La Costa del Sol, cuna de versos y crisol de intelectos, se siente hoy relegada al ostracismo cultural. Francisco Salado, presidente de la Diputación Provincial, ha alzado la voz con visible indignación ante la decisión del Ministerio de Cultura, liderado por Ernest Urtasun, de aparentemente ignorar la innegable conexión de Málaga con la Generación del 27 en los actos conmemorativos de su centenario. Un silencio que resuena a desaire en las calles que vieron nacer y crecer a figuras cruciales de la literatura española.
Salado no ha dudado en expresar su «sorpresa» ante lo que considera una omisión flagrante. «Málaga no puede quedar excluida», sentenció, subrayando la profunda raíz malagueña del movimiento literario. No se trata solo de nombres grabados en placas conmemorativas, sino de una impronta indeleble en la esencia misma de la Generación.
El presidente de la Diputación ha apelado a la memoria histórica y a la justicia cultural. En su declaración, resonaron los nombres de María Zambrano, Emilio Prados, Manuel Altolaguirre, José María Hinojosa y José Moreno Villa, todos ellos hijos ilustres de Málaga. Recordó, además, la estrecha vinculación de Vicente Aleixandre con la capital, donde pasó su infancia, así como la conexión de otros miembros destacados como Cernuda, Guillén, Lorca y Dámaso Alonso. Una constelación de talentos que iluminaron el panorama literario español desde la costa malagueña.
Pero la conexión de Málaga con la Generación del 27 trasciende el simple nacimiento de sus miembros. Salado ha recordado con fervor la importancia de la imprenta Sur, radicada en Málaga, y la revista ‘Litoral’, nacida en esta tierra y aún viva, como pilares fundamentales en la difusión de la obra de estos poetas e intelectuales. «De ahí salieron las primeras obras de muchos de estos poetas», enfatizó, resaltando el papel de Málaga como centro neurálgico de la producción literaria del grupo.
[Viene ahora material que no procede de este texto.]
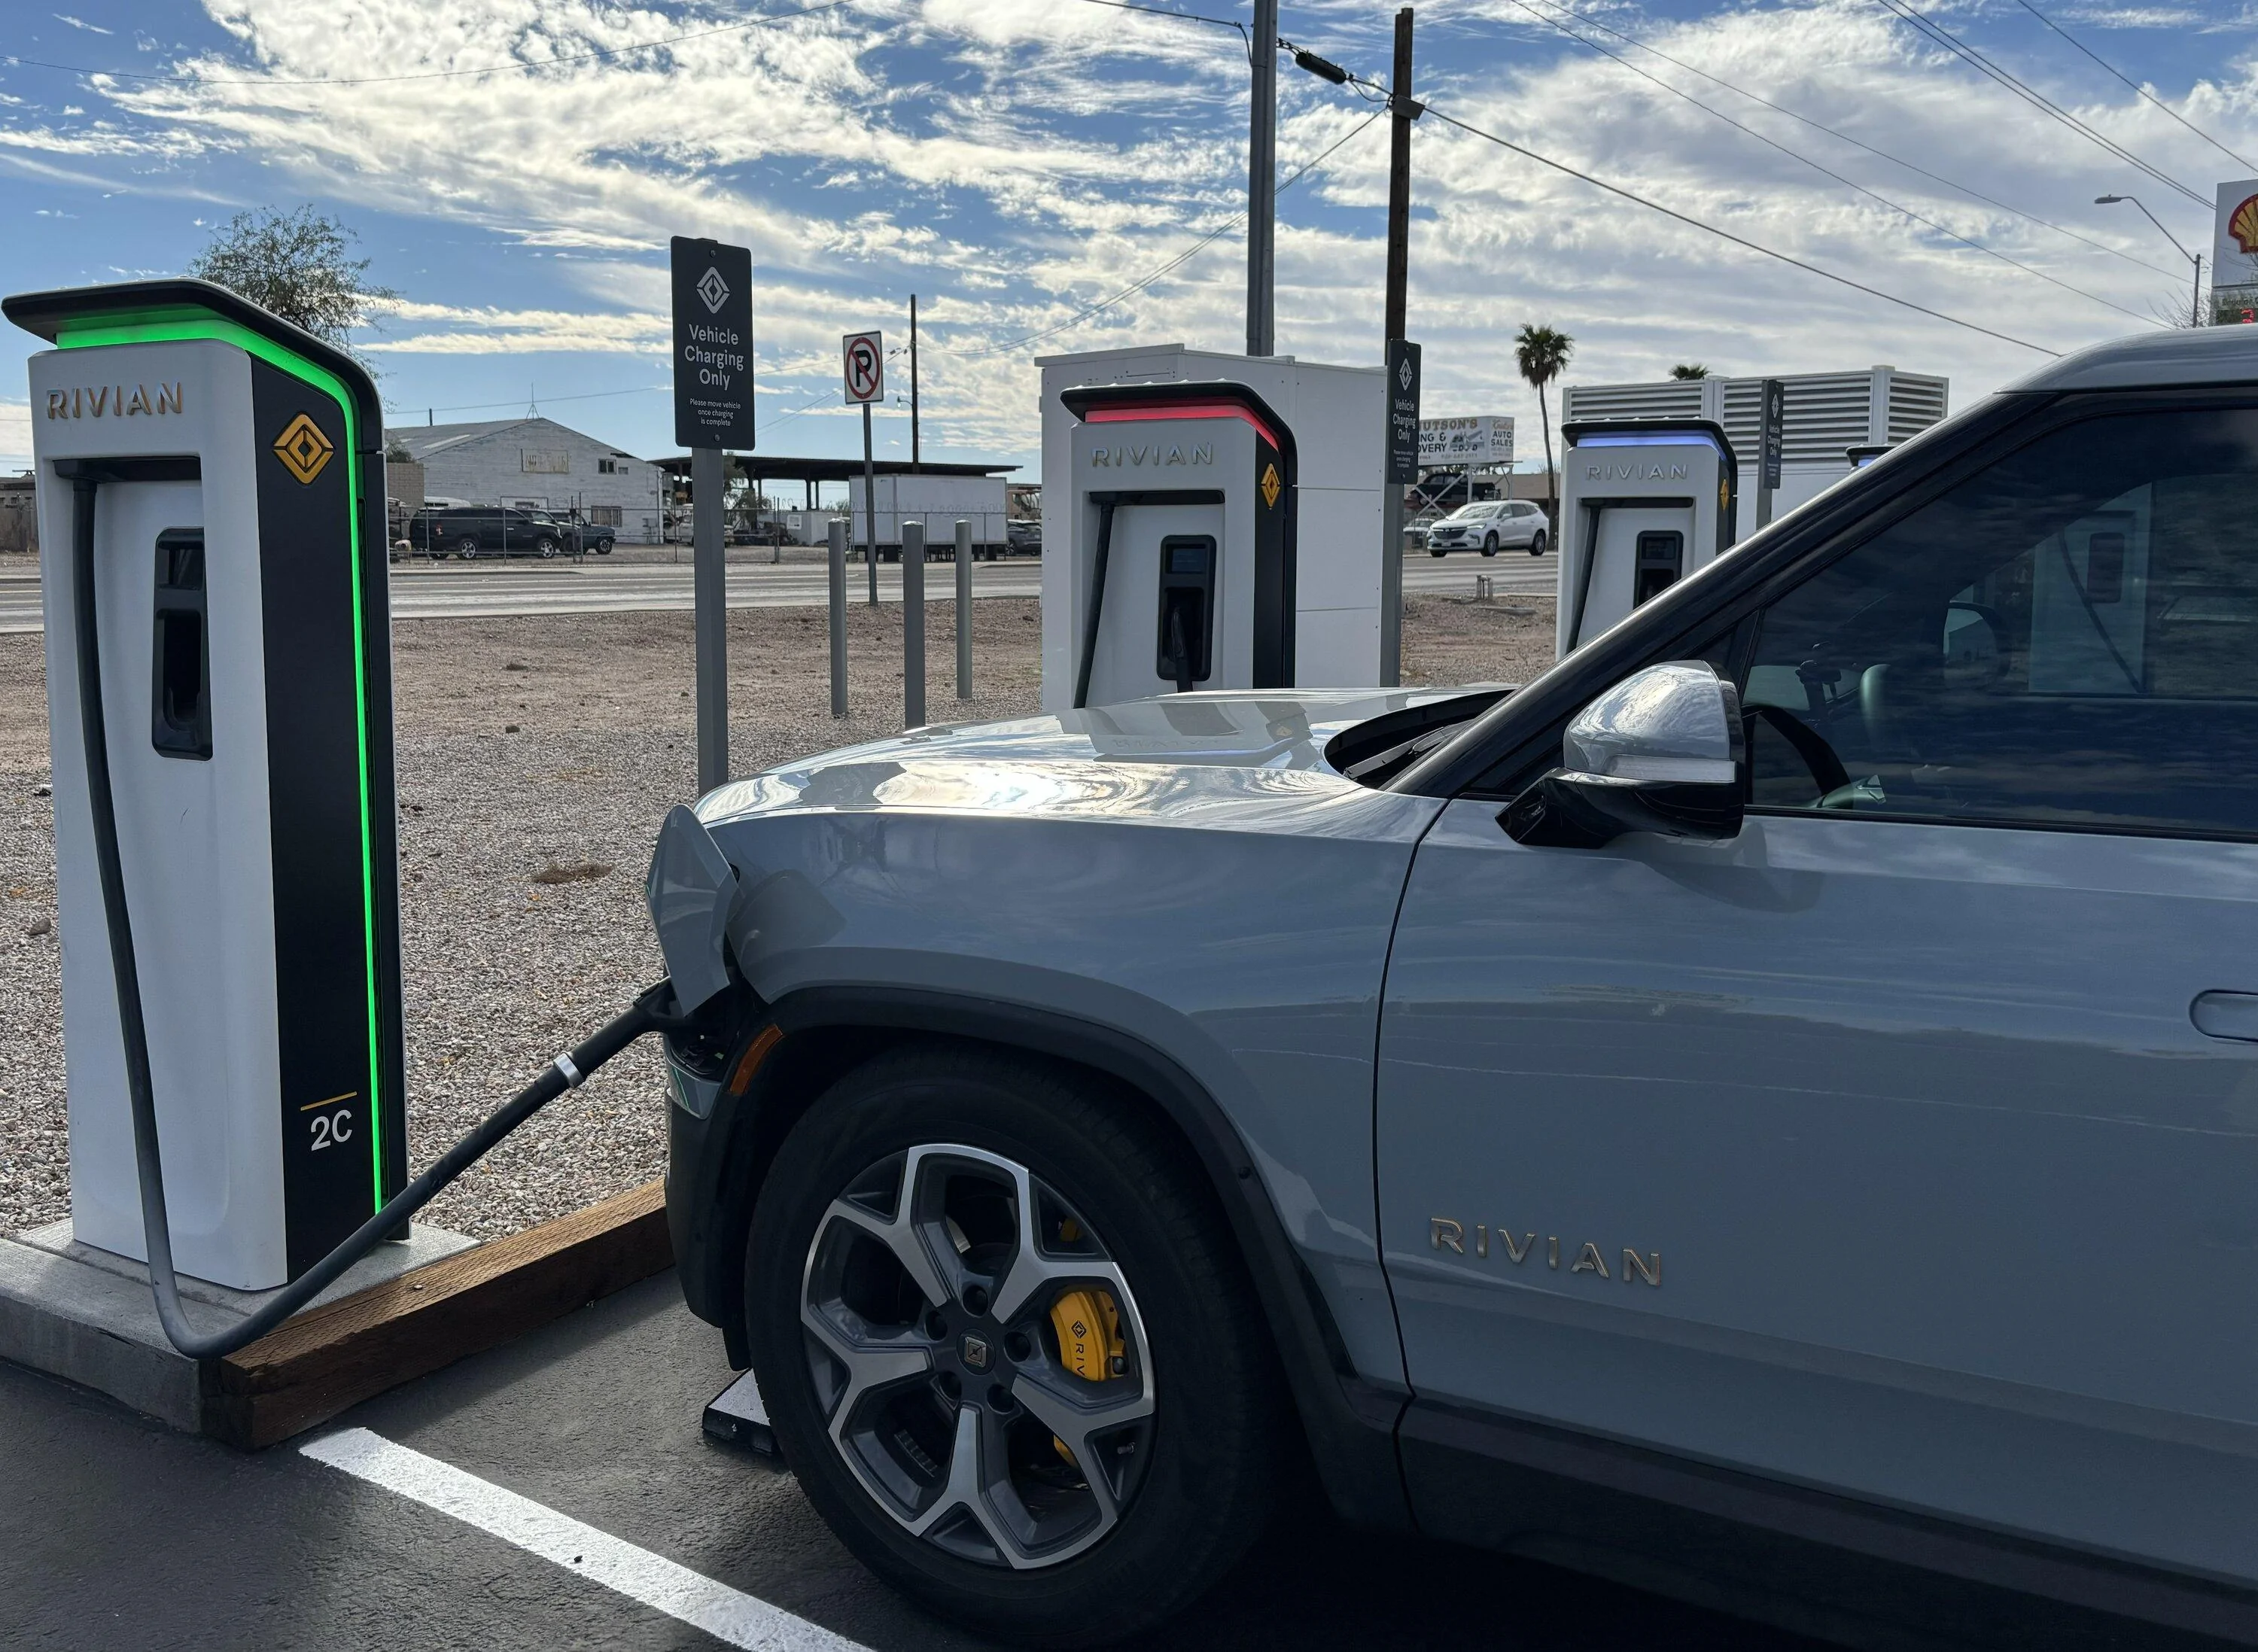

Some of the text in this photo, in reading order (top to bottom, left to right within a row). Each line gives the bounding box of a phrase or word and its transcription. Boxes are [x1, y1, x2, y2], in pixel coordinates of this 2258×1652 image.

Ante esta situación, Salado se plantea dos escenarios posibles: desconocimiento o mala fe. Si se trata de lo primero, promete una misiva detallada al ministro Urtasun, una lección de historia literaria para poner en valor la contribución malagueña. Pero si, por el contrario, se trata de una decisión consciente y malintencionada, Salado no dudará en movilizar al mundo de la cultura para que alce su voz en protesta ante el Ministerio.
«Si es de mala fe, no hace honor a su cargo de ministro de Cultura con esta decisión», sentenció, dejando clara su determinación de luchar por el reconocimiento que Málaga merece. La pregunta ahora es si el Ministerio de Cultura escuchará el clamor de la Costa del Sol y rectificará a tiempo para que Málaga ocupe el lugar que le corresponde en la celebración del centenario de la Generación del 27.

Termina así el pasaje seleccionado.